Enter the essay for English class. We had to choose a topic that had something to do with knowledge or education . . . and I managed to put this together the night before it was due . . . eh heh . . . It's being put up here because I'm in a posting mood tonight and figured what the hell, as nothing else is ready to see the light of day.. It's rather amusing if you've been in the situation. Oh, and by the way: omphaloskepsis - contemplation of one's navel in aid to meditation.

The Gifted Stigma

"See, the way I figure it," postures my friend, while flipping his sandy hair out of his eyes with a jerk of his head that I'm sure will result in concussion, "is that the music we listen to determines our positions in social groups – think about it." We're sitting in French, discussing social theories – not as odd as it appears for our particular group. We have been known essentially all of our educational lives as 'the smart kids', 'those weird kids who read a lot', 'gifted children', or whatever other label seems to fit at the time, be it as supposedly callous as 'reader-head' or simply, 'hey, you, what's the answer?'.

From the time we are first siphoned off into elementary school, tests to determine intelligence, creativity, reading skill, and all other manner of seemingly useless information are thrust at us in the mental equivalent of a barrage of needles poking and prodding, trying to determine what truly lies beneath. Any relative success on these tests results in nearly instant differentiation from the rest of the classmates and permanent designation as 'that smart kid.' The education system itself places upon us this stigma of supposed higher intelligence, what with the P.A.C.E. program, leaving us to lead our lives as essentially marked men.
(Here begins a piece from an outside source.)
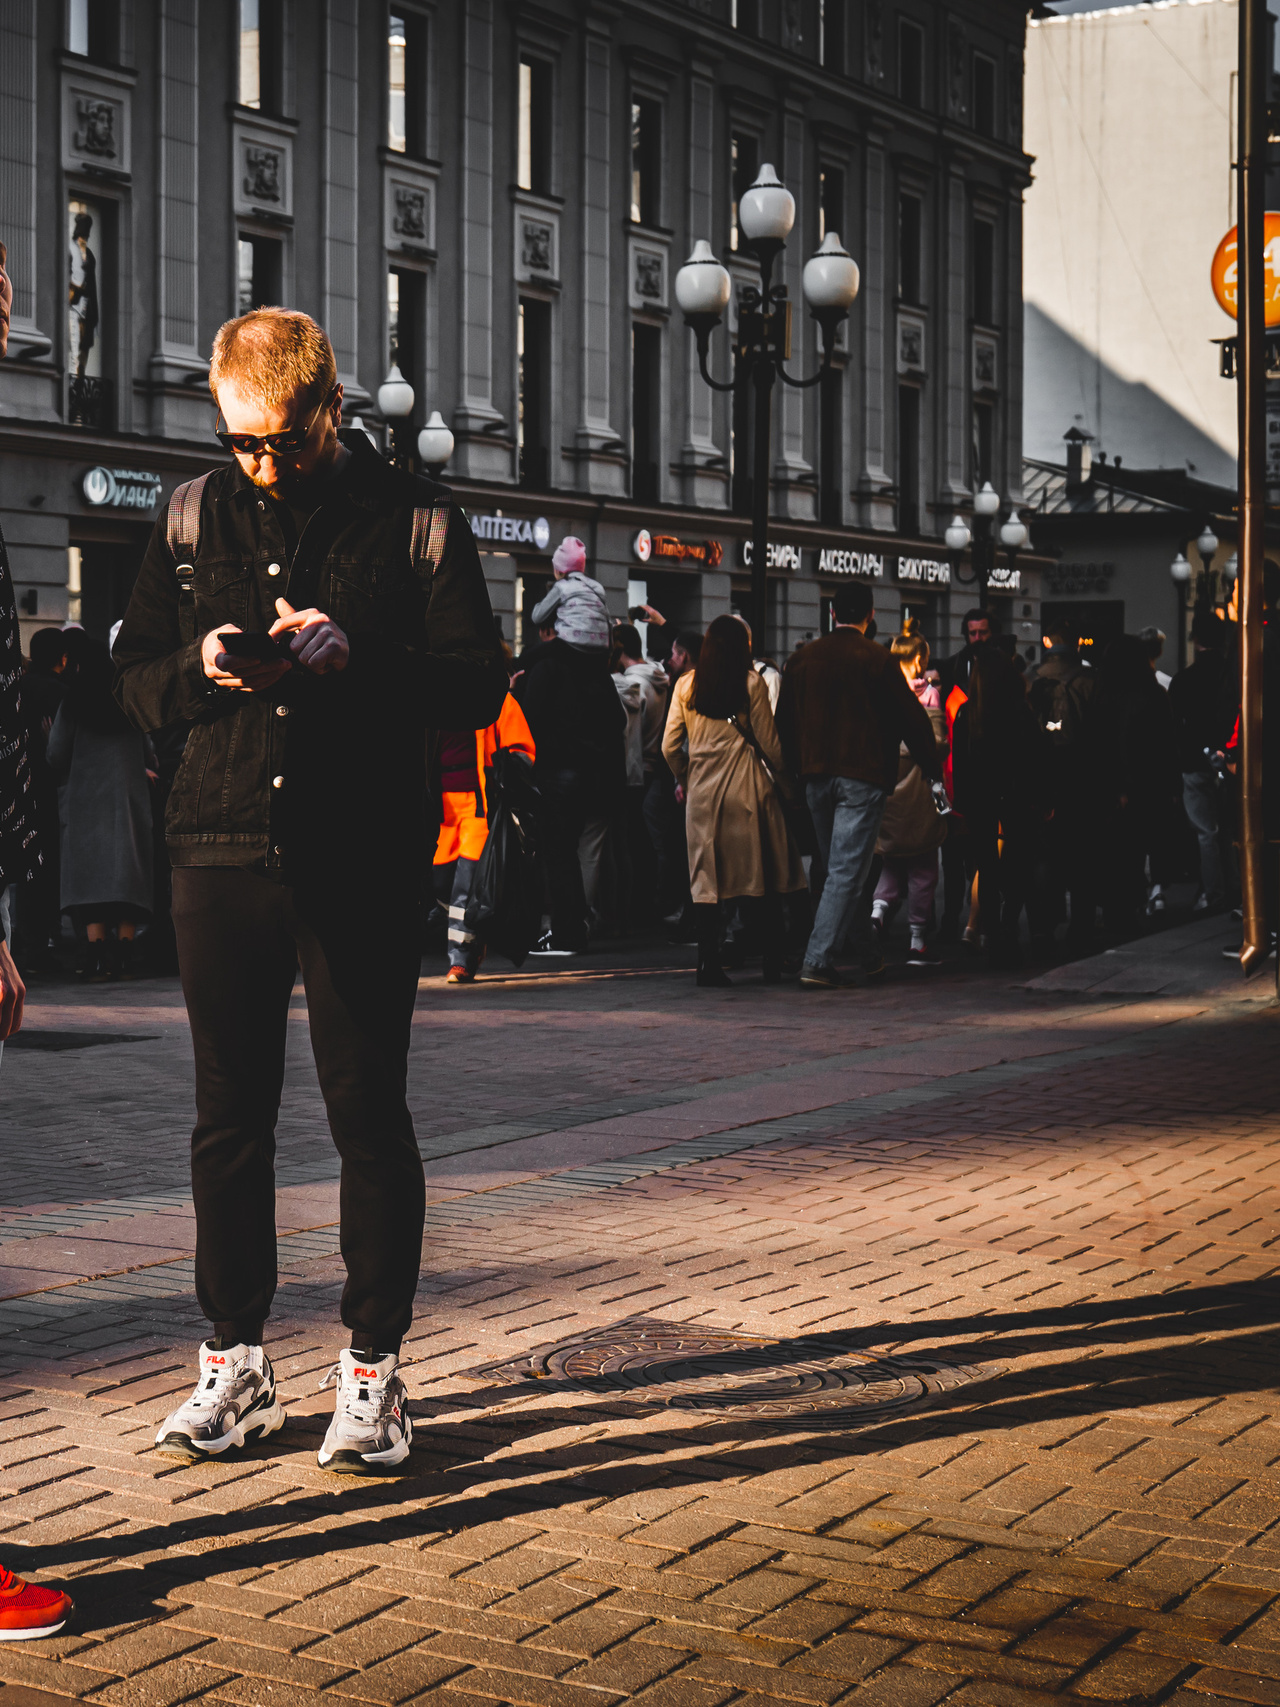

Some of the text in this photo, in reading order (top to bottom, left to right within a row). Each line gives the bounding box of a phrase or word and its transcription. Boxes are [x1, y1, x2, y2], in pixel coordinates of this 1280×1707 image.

[470, 515, 534, 544] АПТЕКА
[743, 541, 951, 584] СЕНИРЫ АКСЕССУАРЫ БИЖУТЕРИЯ
[205, 1355, 226, 1365] FILA
[354, 1368, 377, 1378] FILA
Once the supposed 'gifted children' enter junior high, we have discovered the fact that the label is stuck fast, and only a purely monumental show of what would be considered normalcy will pry it loose. At this point the reaction of most would be to strive to live up to the label – to become the 'smart kid', the student who knows everything worth knowing and is the pride of every teacher. We take the difficult classes, because that is what 'gifted children' do. When we fail (as we invariably do), the label question becomes one of advantage – namely, the gears begin to turn to convert the situation into one where the least amount of work will provide the most amount of benefit. We discover that we can indeed manage the coveted 'A' with minimal effort at the last minute, a result that the school system despairs of but still thrusts upon us. P.A.C.E. again adds to this illusion of grandeur, although the class is essentially busy work for students who would otherwise be occupied with nothing.
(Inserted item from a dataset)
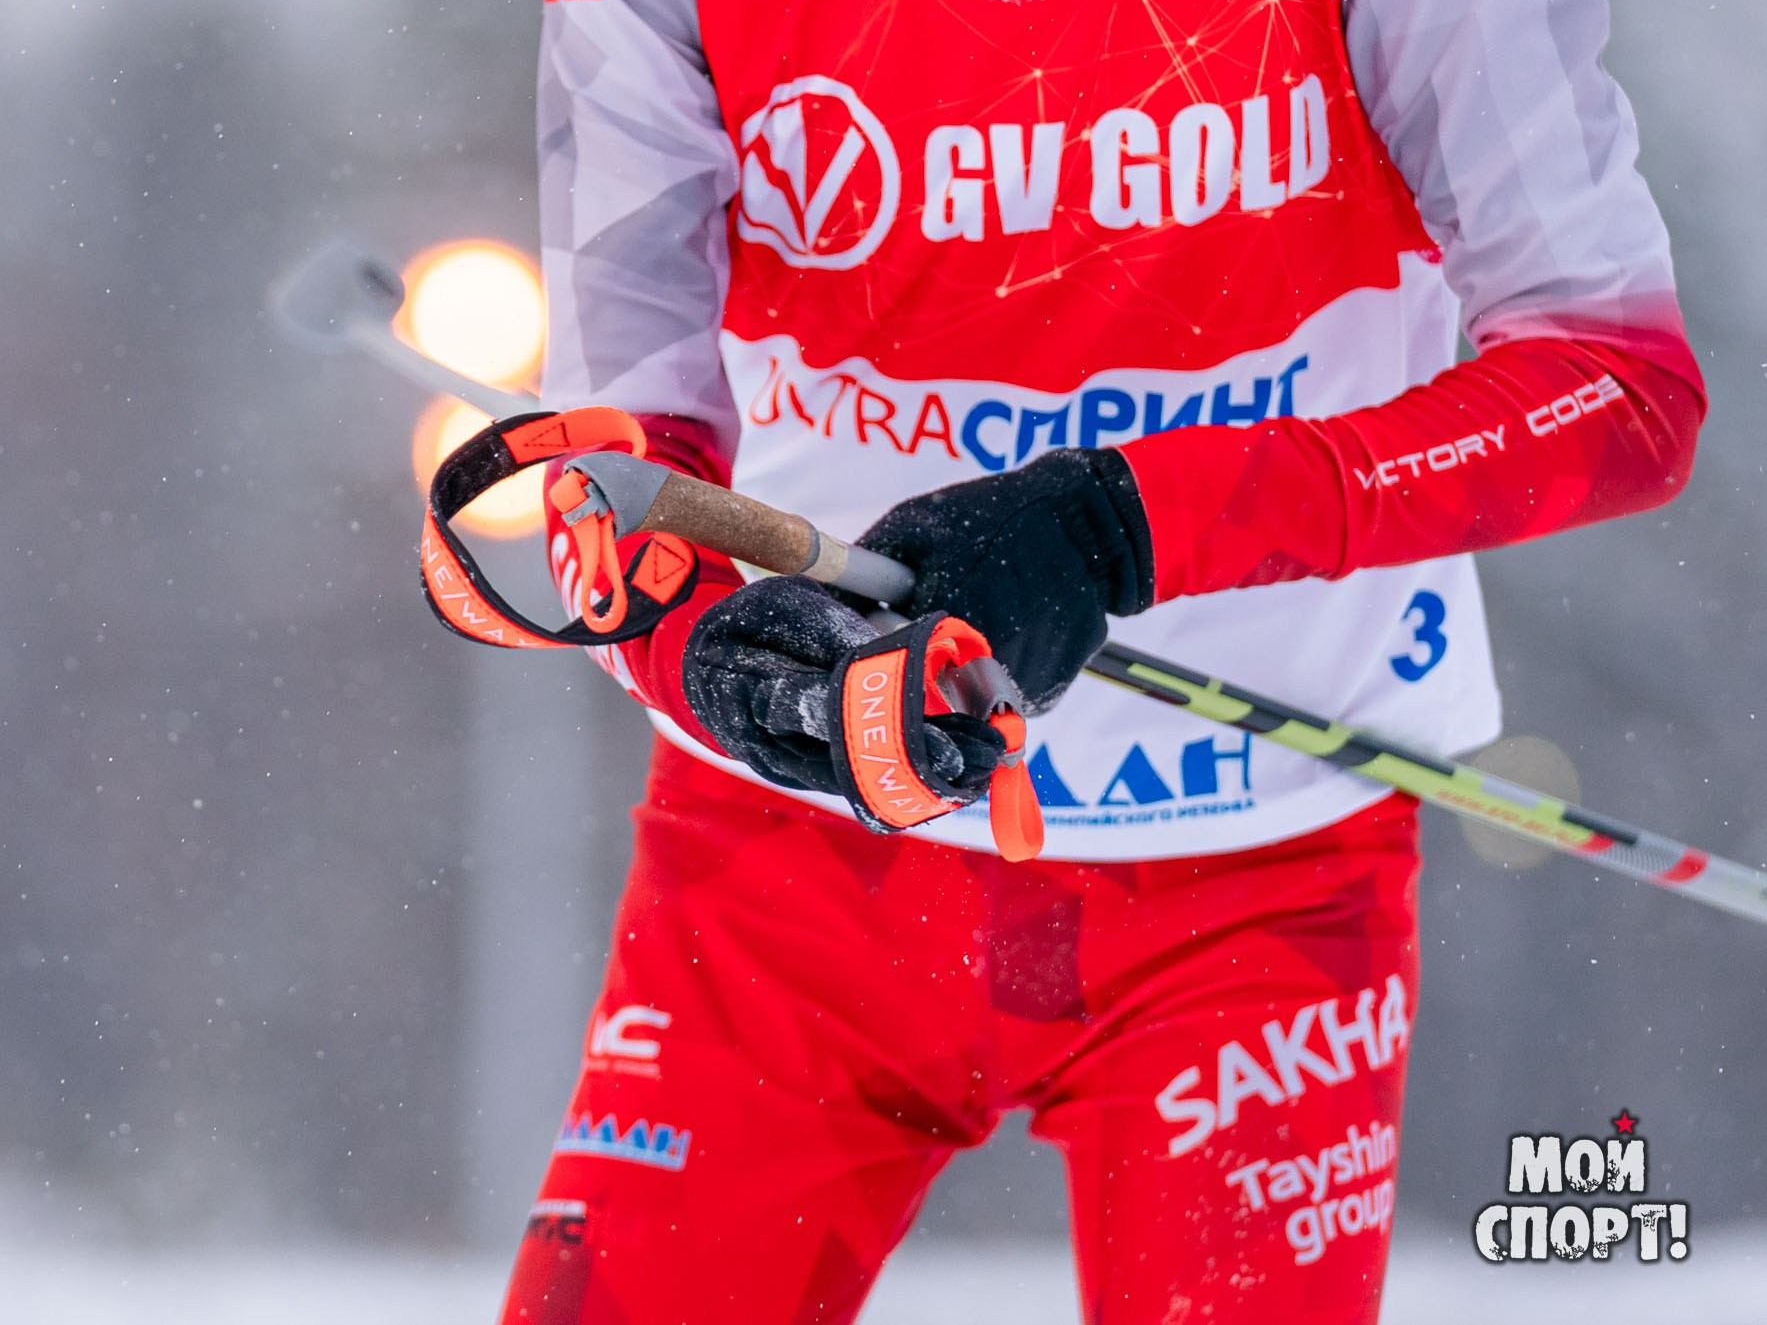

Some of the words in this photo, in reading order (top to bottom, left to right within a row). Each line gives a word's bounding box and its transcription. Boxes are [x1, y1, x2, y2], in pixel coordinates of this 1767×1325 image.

Finally, we enter high school. We have mastered the art of procrastination to a tee, and are still referred to as 'those smart kids', even if we have vehemently denied the name – but we still sign up for the more difficult classes. All of the knowledge we should have crammed into our craniums is little more than a shadow, except in specialized areas we cared to commit to memory – such as particular aspects of literature or science, or strange vocabulary words (omphaloskepsis comes to mind). This knowledge can be called up at a moments notice and is often used to further the illusion of higher intelligence, for by this point, we have discovered the advantages of appearing smarter than we truly are – it's a shield against those whom we have no desire to associate with, as our larger vocabularies bother some people, and a manner of obtaining the quick approval of teachers when we know some obscure answer in class. We've rather come full circle – from knowing nothing and being labeled 'gifted' to knowing as little as possible and being the ones people turn to for the answer to question number seven.

Our educational lives began with the given knowledge that we were different, which led us to pursue those differences, become the 'smart kids', and then use that same knowledge to our own advantages. Being given that stigma by the educational system caused us to become 'gifted' in an attempt to live up to the name – and led us to where we are today. Twelve years of 'hey, you, what's the answer?" have given the people around us the illusory knowledge that we are smarter than they are. So we sit in class, trying to philosophize away the time, while two desks over, girls are comparing dates and nail polish. Maybe we are reader-heads.